Now he went back to the garage. The good voices, the ones from God, were telling him what to do. The bad voices, those radiating from my dying father's head, were trying to trick him into stopping now while he still could, before anyone was hurt, before anyone was dead. They were saying bullshit things like his family loved him and that what was wrong was wrong with him. He
knew
he was right. The message was through an angel, from God himself. He wouldn't be tricked, not this time. He knew what he had to do, knew he had to kill his family to be free and to set them free. To murder was to free the soul from its cage, from pain and hopelessness, a noble, godly deed. In his mind he was doing my family a favor. They would never be lonely or afraid or worried again. They would never fight or yell or cry or sit quietly and gloomily in that somber house. They would know only love and God's grace and forgiveness. They would go to heaven, maybe even my father, too, if God found it in his heart to forgive him. They would lose their bodies and live forever.

Picking up the gas can, he headed back into the house. It was now ten after five. At the bottom of the stairs, in front of my parents' room, he poured a pool of gasoline on the floor. He held the can close to the ground to quiet the splash. He lit a wooden match on his zipper, tossed it into the pool of gasoline, and watched the rising breath of flames. Heat radiated in concentric circles past him. He waited a few seconds to make sure it closed off the doorway in fire, then headed back to the garage.

In the garage he dumped the rest of the gasoline around, splashing it on the floor and up over his shoes, over sporting equipment and gardening tools and coolers and fold-up lawn chairs. Putting his cigarettes in his pocket and making sure he had more matches, he got my mother's old bike, a blue three-speed from Sears with a baby seat. He opened the big garage door, lit another match on his zipper, and tossed it into the gas. The entire garage, because of the open door and the slight breeze, went up in an inferno instantly, lighting up the night a white-yellow.

Michael rode off into the dark morning, with his clock radio and Bible in the baby seat of the bike, his orange cigarette ember a single point of light along the road away from the house.

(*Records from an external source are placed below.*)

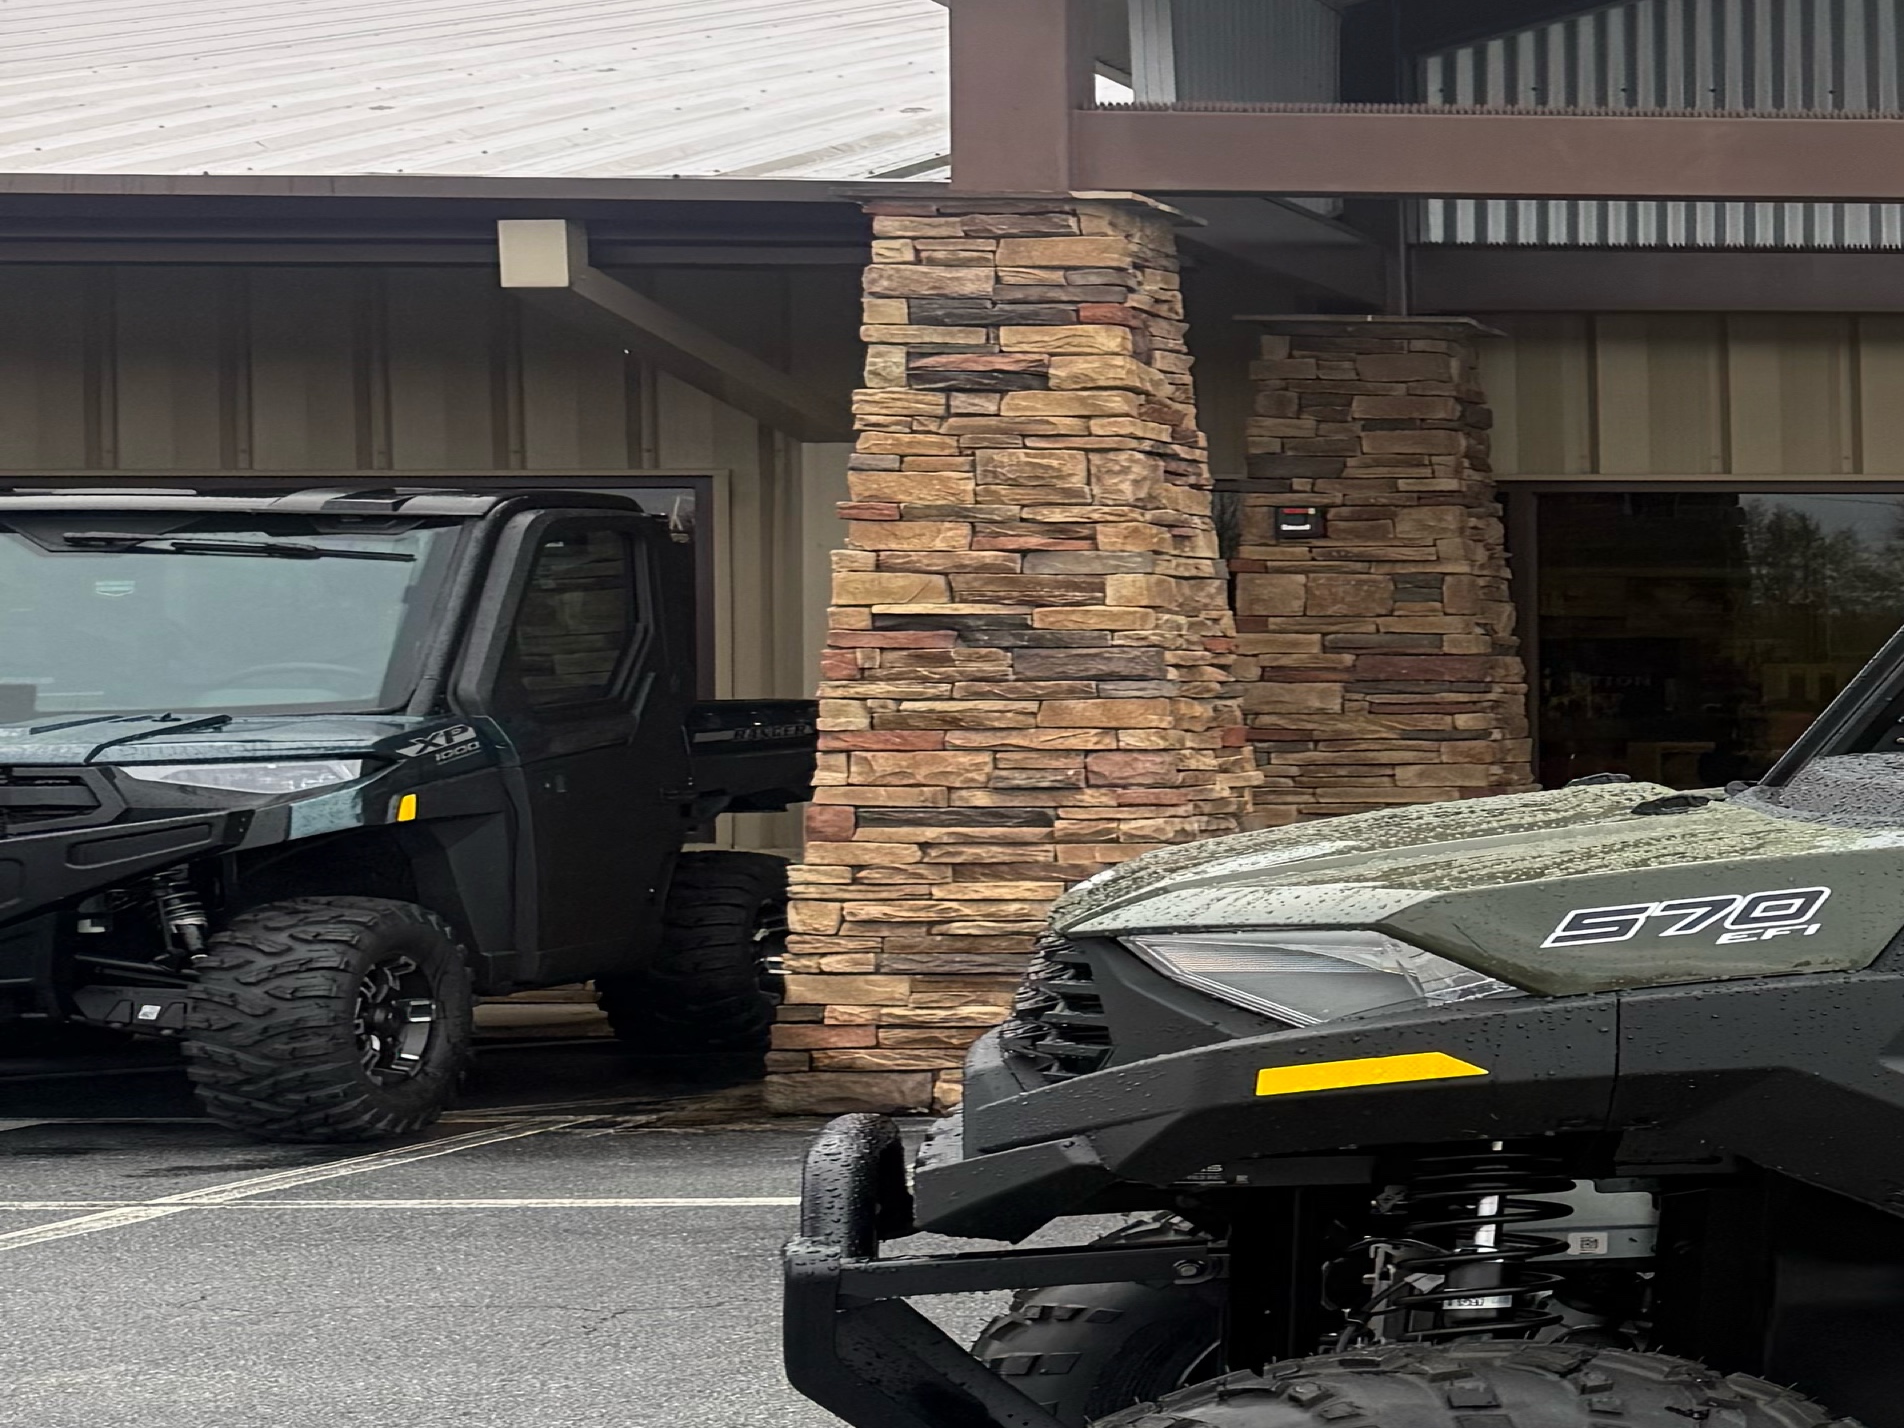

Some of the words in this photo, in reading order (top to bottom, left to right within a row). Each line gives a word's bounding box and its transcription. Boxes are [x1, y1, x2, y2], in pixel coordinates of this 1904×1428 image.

[416, 725, 469, 755] XP
[734, 724, 806, 742] RANGER
[435, 741, 480, 761] 1000
[1540, 887, 1831, 947] 570
[1715, 923, 1821, 945] EFI

He felt better already. It had been the right thing to do, the only thing to do. He had left the gas can, with his fingerprints all over it, tipped over in the driveway, the burned matches on the hardwood floor, smoke detectors covered in more fingerprints in trashcans in the house, wires and batteries from the alarms in the pockets of his coat. He went to the end of our road, about a mile away, and sat at the edge of the black river, where wooden fishing boats were tied to pilings, floating on their own dark reflections. He prayed, pulling hard on his third, then his fourth cigarette. He waited for the blue souls of my family to go flying past, toward the safe, bright stars.